The concept of overlapping arcs of fire drove major developments in the use of cannon in early modern Europe. The star fort forced attackers approaching the walls into the overlapping enfilade of the protruding bastions; attempts to achieve a similar effect through maneuver on the battlefield were limited by the weight and size of the artillery of the time. The earliest experiments in mobile artillery, such as the leather cannon, were generally flawed due to the limitations of the materials science of the period, but eventually gave rise to the regimental gun.

Perhaps the most famous example of crossfire tactics in early modern warfare occurred in the final stages of the First Battle of Breitenfeld. Swedish cavalry under Gustavus Adolphus outflanked and seized the artillery pieces of the Imperial army. As the battle had progressed, the Imperial guns were now well-positioned to fire upon the bulk of the Imperial army, and the crossfire of Swedish and captured cannon shattered the Imperial forces.

==Trench warfare==
The tactic of using overlapping arcs of fire came to prominence during World War I where it was a feature of trench warfare. Machine guns were placed in groups, called machine-gun nests, and they protected the front of the trenches. Many people died in futile attempts to charge across the no man's land where these crossfires were set up.

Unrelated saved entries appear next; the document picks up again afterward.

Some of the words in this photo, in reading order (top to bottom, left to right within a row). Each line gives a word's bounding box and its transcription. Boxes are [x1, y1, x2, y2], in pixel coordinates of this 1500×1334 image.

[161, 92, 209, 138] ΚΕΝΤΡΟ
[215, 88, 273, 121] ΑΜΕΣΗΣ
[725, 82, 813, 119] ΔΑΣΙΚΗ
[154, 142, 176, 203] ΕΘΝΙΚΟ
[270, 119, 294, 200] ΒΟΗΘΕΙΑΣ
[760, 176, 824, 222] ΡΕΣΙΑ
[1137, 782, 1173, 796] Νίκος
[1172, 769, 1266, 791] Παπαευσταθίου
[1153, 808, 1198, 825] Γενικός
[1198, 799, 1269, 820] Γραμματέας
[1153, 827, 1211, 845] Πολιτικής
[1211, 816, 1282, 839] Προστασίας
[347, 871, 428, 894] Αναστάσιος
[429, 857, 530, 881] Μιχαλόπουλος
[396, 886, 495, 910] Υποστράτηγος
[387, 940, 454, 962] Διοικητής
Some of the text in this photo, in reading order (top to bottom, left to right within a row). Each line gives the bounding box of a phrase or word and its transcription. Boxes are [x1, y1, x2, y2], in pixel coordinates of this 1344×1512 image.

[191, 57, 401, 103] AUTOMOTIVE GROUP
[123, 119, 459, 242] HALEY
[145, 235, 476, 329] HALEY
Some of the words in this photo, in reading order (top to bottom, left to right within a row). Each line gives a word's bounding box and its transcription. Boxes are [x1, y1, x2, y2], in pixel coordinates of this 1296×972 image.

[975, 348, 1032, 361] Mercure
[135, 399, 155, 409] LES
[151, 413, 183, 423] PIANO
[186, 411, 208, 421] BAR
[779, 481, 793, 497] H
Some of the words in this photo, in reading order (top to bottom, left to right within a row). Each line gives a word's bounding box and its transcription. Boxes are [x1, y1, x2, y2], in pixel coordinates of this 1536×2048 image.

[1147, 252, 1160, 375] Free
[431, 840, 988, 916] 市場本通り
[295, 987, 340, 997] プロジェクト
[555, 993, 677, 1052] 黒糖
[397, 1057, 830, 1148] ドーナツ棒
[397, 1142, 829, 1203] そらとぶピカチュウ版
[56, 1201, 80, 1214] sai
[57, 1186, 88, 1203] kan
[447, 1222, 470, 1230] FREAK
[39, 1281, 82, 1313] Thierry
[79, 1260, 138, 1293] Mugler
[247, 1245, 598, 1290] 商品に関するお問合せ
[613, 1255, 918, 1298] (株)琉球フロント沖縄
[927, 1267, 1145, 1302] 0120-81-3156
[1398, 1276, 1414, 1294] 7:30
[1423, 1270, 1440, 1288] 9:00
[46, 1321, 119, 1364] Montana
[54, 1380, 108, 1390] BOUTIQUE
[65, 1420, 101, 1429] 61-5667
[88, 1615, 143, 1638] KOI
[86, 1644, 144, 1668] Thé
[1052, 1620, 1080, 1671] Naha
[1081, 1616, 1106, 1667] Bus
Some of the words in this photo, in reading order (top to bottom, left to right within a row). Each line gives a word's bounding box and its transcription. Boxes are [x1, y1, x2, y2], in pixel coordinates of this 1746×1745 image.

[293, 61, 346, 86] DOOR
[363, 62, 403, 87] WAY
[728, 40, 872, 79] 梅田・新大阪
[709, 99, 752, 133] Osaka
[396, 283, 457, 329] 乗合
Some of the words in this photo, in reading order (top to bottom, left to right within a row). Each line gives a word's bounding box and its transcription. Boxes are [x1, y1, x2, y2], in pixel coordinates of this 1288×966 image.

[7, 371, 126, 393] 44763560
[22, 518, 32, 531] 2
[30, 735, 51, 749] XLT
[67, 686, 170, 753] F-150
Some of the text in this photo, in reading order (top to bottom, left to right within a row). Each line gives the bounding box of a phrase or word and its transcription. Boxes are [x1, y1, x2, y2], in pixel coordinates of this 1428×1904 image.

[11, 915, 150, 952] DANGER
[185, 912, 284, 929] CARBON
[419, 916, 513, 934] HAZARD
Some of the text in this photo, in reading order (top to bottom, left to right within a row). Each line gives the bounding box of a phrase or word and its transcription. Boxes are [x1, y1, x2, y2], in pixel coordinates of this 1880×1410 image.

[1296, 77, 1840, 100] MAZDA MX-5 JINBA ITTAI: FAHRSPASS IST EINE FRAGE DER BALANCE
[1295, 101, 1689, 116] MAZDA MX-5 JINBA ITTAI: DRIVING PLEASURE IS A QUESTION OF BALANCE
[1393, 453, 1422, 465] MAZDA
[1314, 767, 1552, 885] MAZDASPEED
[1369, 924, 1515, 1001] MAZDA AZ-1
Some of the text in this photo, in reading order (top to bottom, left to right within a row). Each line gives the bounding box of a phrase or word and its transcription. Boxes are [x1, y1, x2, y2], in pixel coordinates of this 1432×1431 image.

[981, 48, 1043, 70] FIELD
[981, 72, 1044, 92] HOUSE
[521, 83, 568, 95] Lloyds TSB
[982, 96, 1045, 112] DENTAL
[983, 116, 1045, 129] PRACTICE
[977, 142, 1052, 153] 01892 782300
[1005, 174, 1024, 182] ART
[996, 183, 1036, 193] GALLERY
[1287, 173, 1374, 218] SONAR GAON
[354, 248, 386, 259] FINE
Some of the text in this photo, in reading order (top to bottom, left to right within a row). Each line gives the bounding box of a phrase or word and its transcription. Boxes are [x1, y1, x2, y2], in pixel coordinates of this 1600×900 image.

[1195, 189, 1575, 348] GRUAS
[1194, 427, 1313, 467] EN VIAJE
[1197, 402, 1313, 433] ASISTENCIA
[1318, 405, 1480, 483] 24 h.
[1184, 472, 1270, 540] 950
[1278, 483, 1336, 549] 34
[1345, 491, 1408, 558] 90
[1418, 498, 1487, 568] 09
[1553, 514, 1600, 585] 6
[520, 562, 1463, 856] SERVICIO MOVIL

=="Caught in the crossfire"==
To be "caught in the crossfire" is an expression that often refers to unintended casualties (bystanders, etc.) who were killed or wounded by being exposed to the gunfire of a battle or gun fight, such as in a position to be hit by bullets of either side. The phrase has come to mean any injury, damage or harm (physical or otherwise) caused to a third party due to the action of belligerents (collateral damage).